### Dataset records
%%

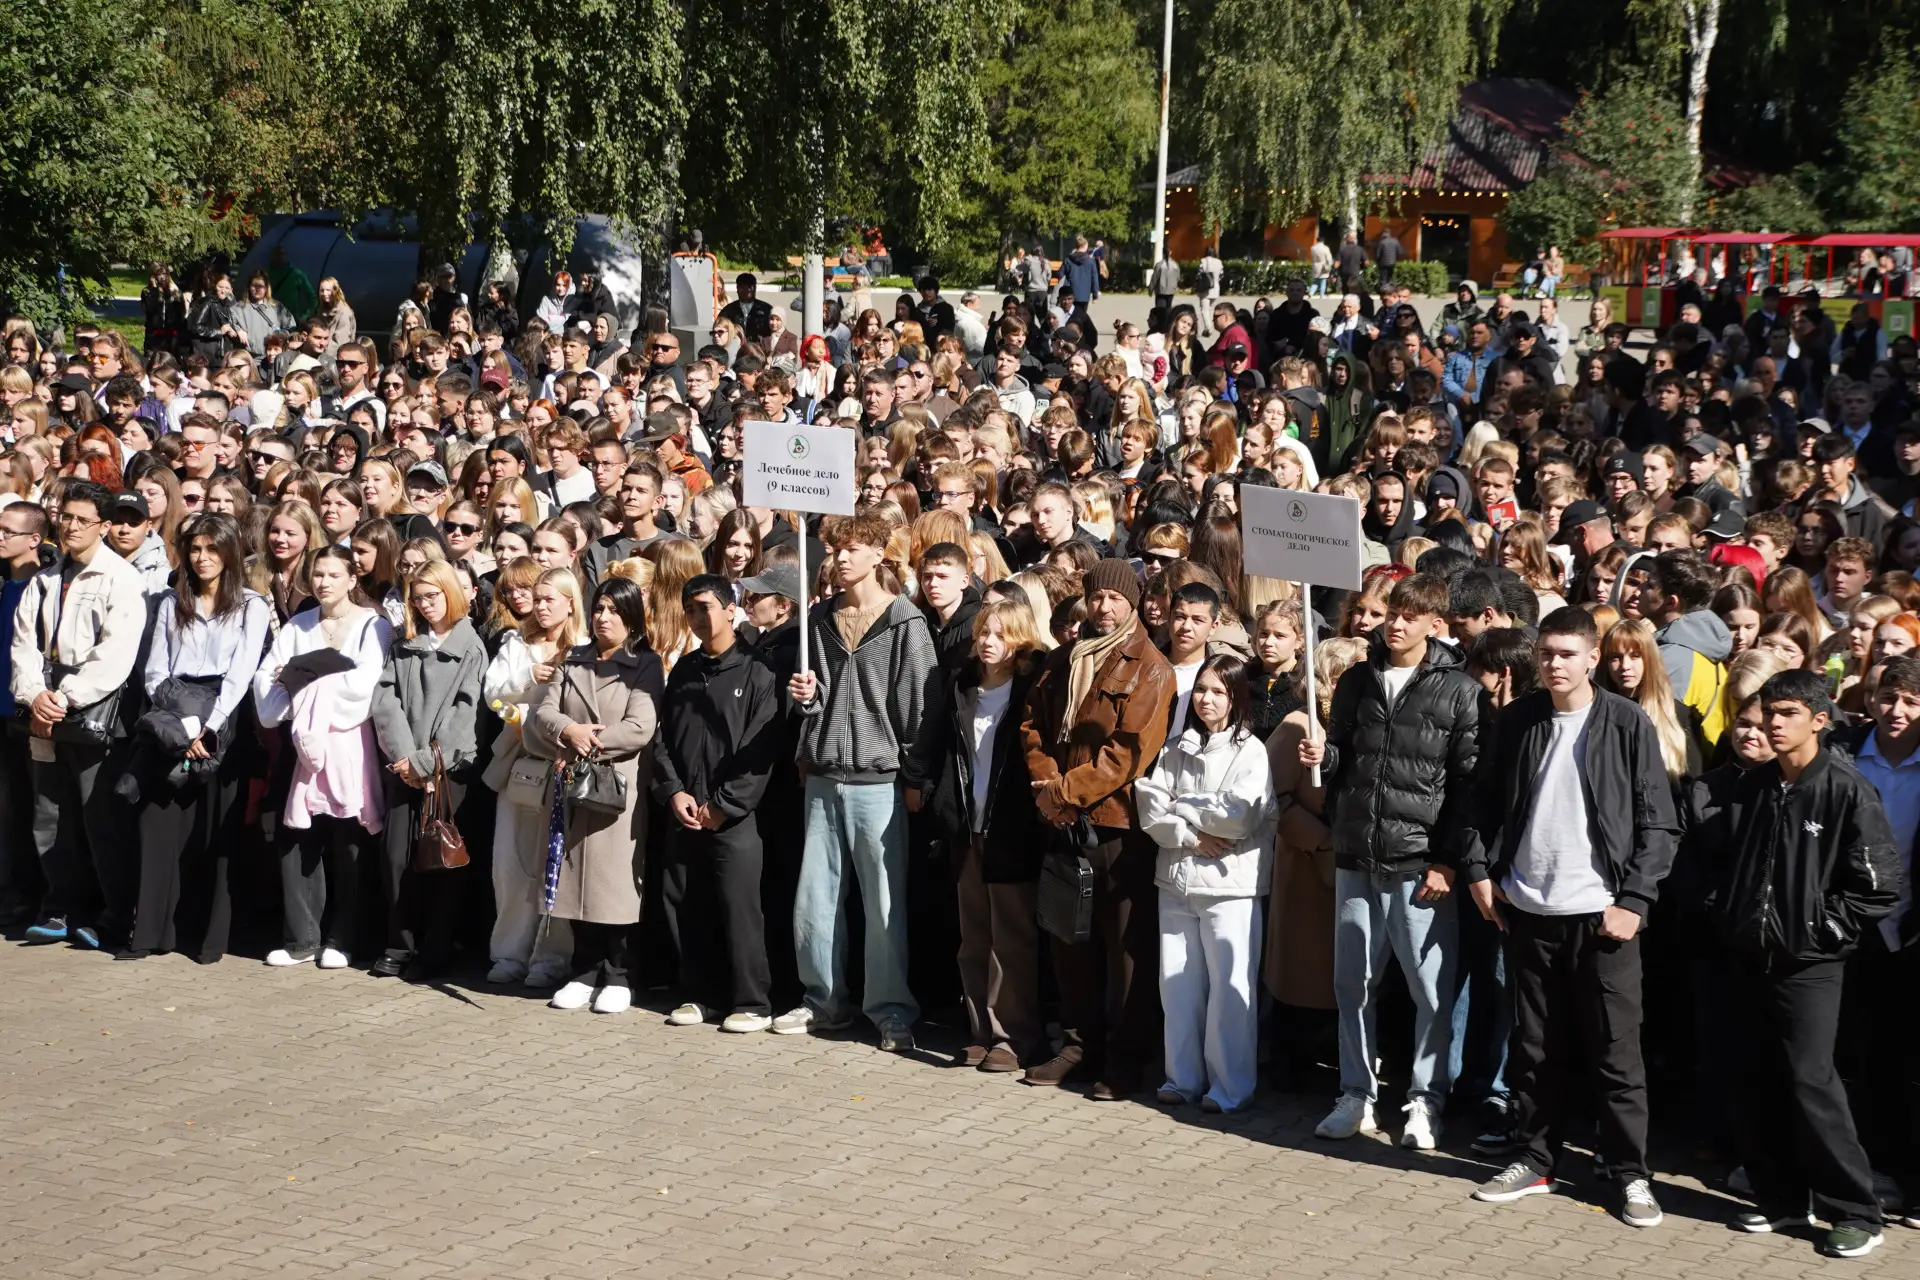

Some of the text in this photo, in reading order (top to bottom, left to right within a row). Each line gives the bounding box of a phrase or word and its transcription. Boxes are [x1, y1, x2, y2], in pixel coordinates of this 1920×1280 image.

[757, 462, 839, 480] Лечебное дело
[767, 480, 830, 497] (9 классов)
[1251, 526, 1350, 547] СТОМАТОЛОГИЧЕСКОЕ
[1286, 541, 1310, 552] ДЕЛО
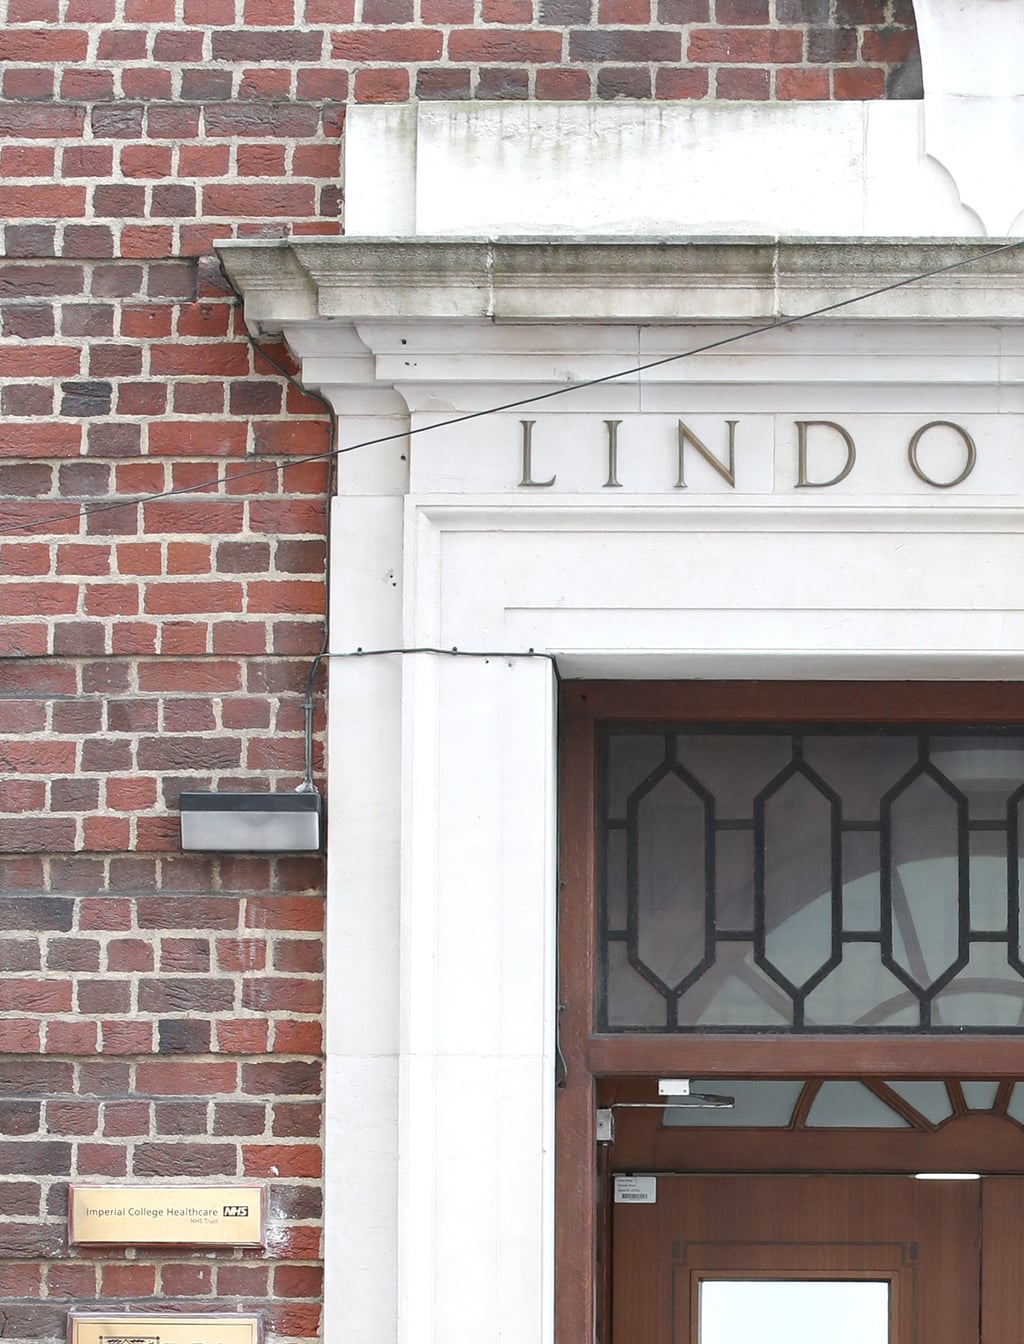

%%

Copy all the records above exactly, but leave out the pictures.

### YOUR SOLUTION
Some of the text in this photo, in reading order (top to bottom, left to right within a row). Each line gives the bounding box of a phrase or word and its transcription. Boxes are [x1, y1, x2, y2], in pixel coordinates of this 1920×1280 image.

[757, 462, 839, 480] Лечебное дело
[767, 480, 830, 497] (9 классов)
[1251, 526, 1350, 547] СТОМАТОЛОГИЧЕСКОЕ
[1286, 541, 1310, 552] ДЕЛО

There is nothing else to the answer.